Related Work & Insights¶
- vs MOSNet / UTMOS / Audiobox Aesthetics: These expert models excel at single-quality prediction, whereas SQ-LLM covers scoring, comparison, suggestions, and detection with higher interpretability but greater training/inference costs.
- vs QualiSpeech / ALLD-dataset: Existing natural language quality data focuses on English or few tasks. SpeechEval expands this to multiple languages and 4 task types with complete dimension annotations.
- vs General Speech LLMs: Qwen2-Audio and MiDashengLM have auditory input capabilities but lack specialized supervision for quality judging. This work demonstrates that "hearing speech" is not identical to "evaluating speech quality."
- Insight: Multi-modal evaluation tasks can be constructed via the combination of "structured dimensions + natural language rationales + preference optimization." Similar logic could be applied to image, video, and robot trajectory quality assessment.
Rating¶
- Novelty: ⭐⭐⭐⭐☆ Systematically introduces LLM-as-Judge to speech evaluation with a large-scale multi-task dataset.
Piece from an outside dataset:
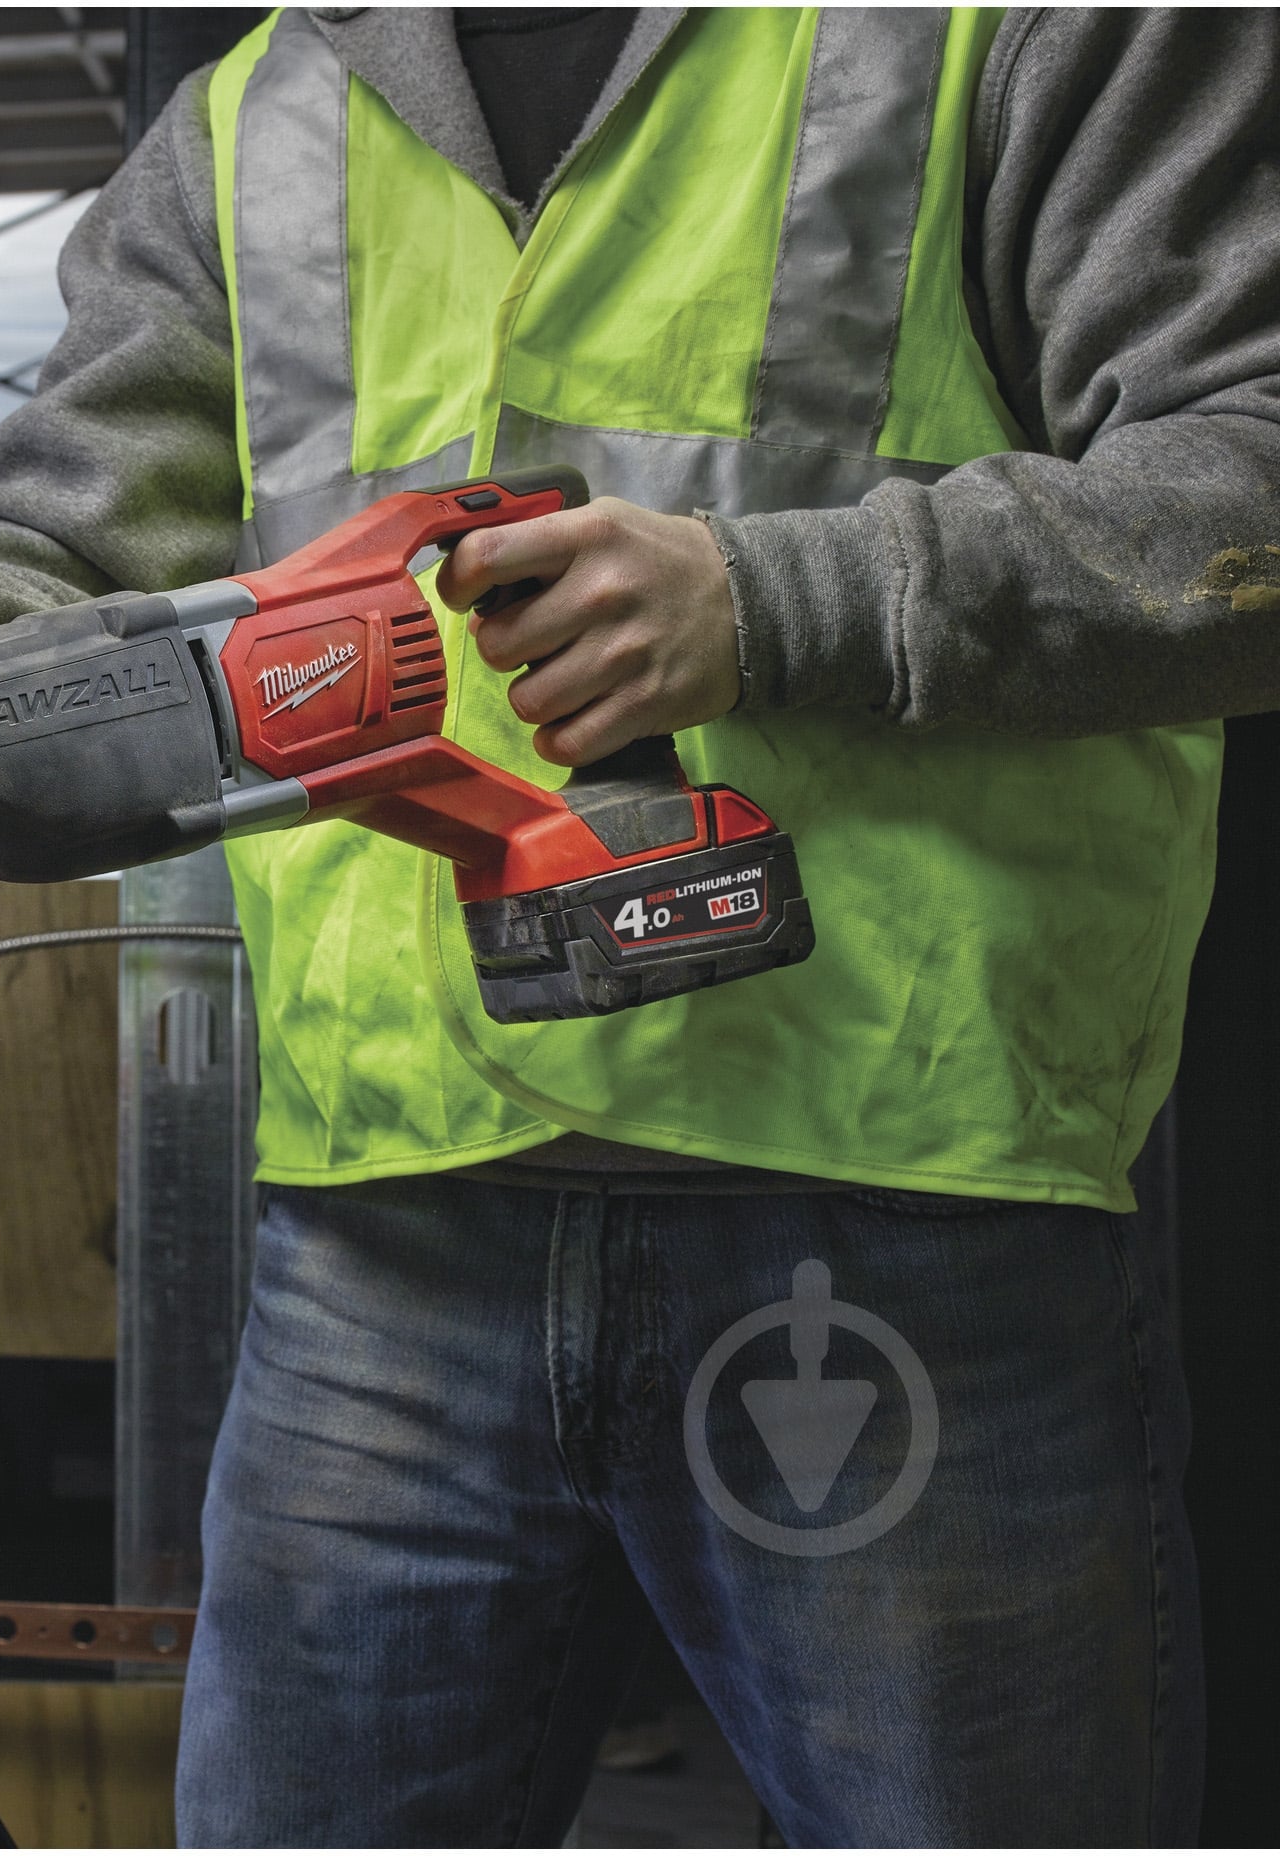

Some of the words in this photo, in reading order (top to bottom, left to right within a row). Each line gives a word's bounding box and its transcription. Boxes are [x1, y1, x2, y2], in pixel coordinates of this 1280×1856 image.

[253, 641, 358, 706] Milwaukee
[614, 898, 670, 938] 4.0
[709, 891, 756, 916] M18
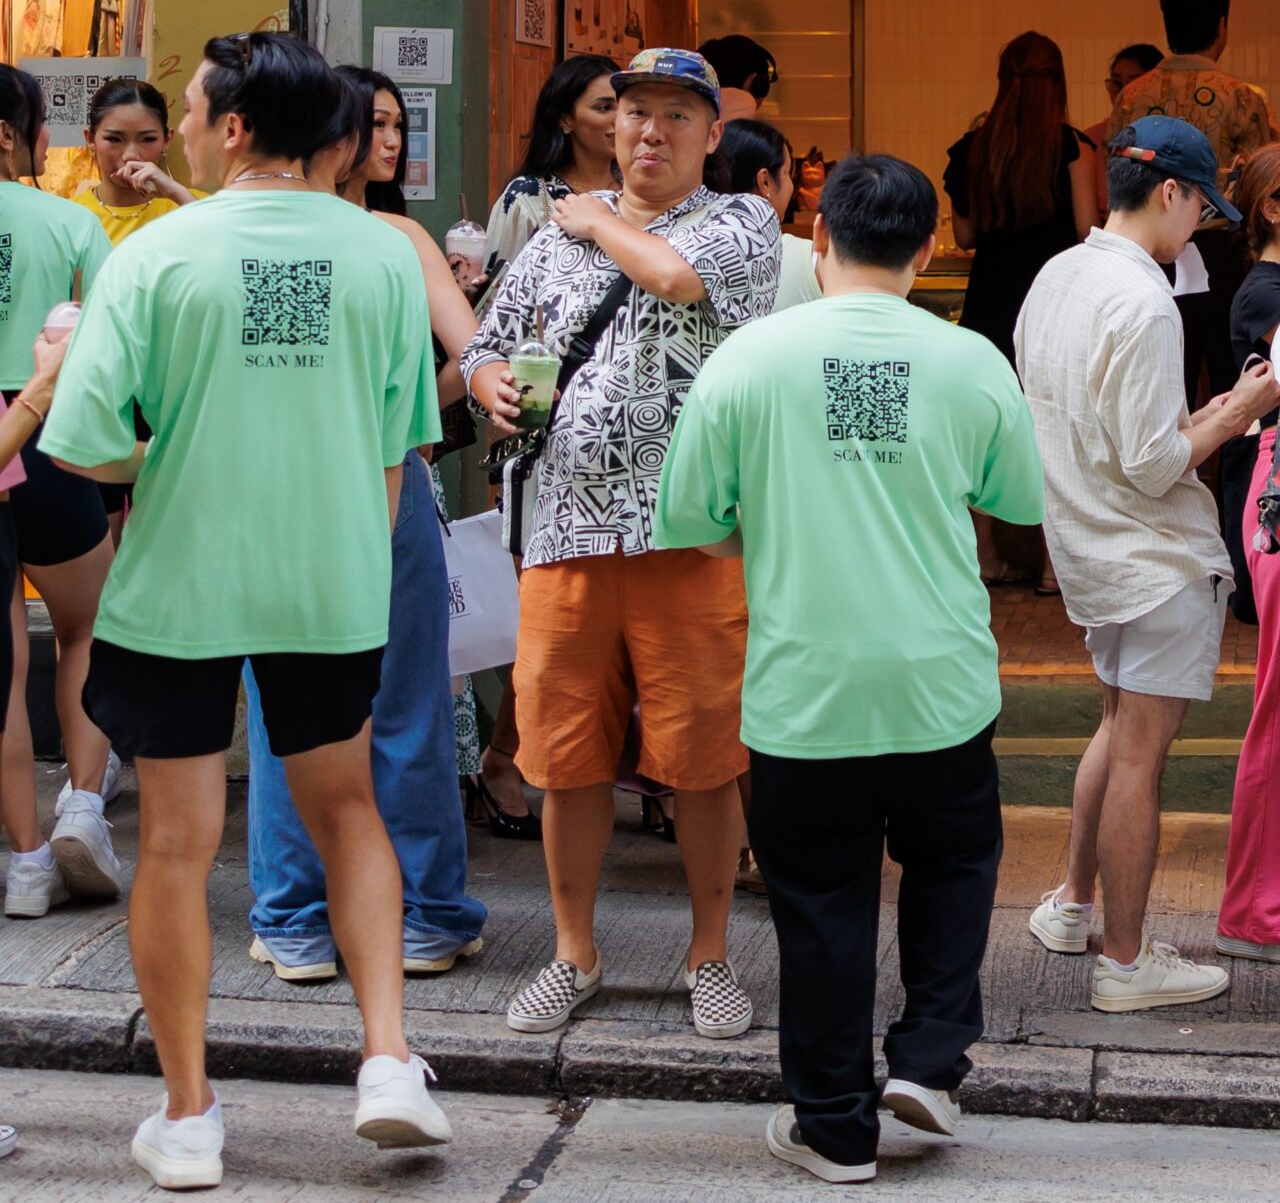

- Experimental Thoroughness: ⭐⭐⭐⭐☆ Covers four tasks and multiple languages against various baselines; more real-world deployment experiments would be beneficial.
- Writing Quality: ⭐⭐⭐⭐☆ Complete structure; tables are dense but the logic is clear.
- Value: ⭐⭐⭐⭐⭐ Direct reference value for automatic evaluation, quality diagnosis, and safety detection in speech generation.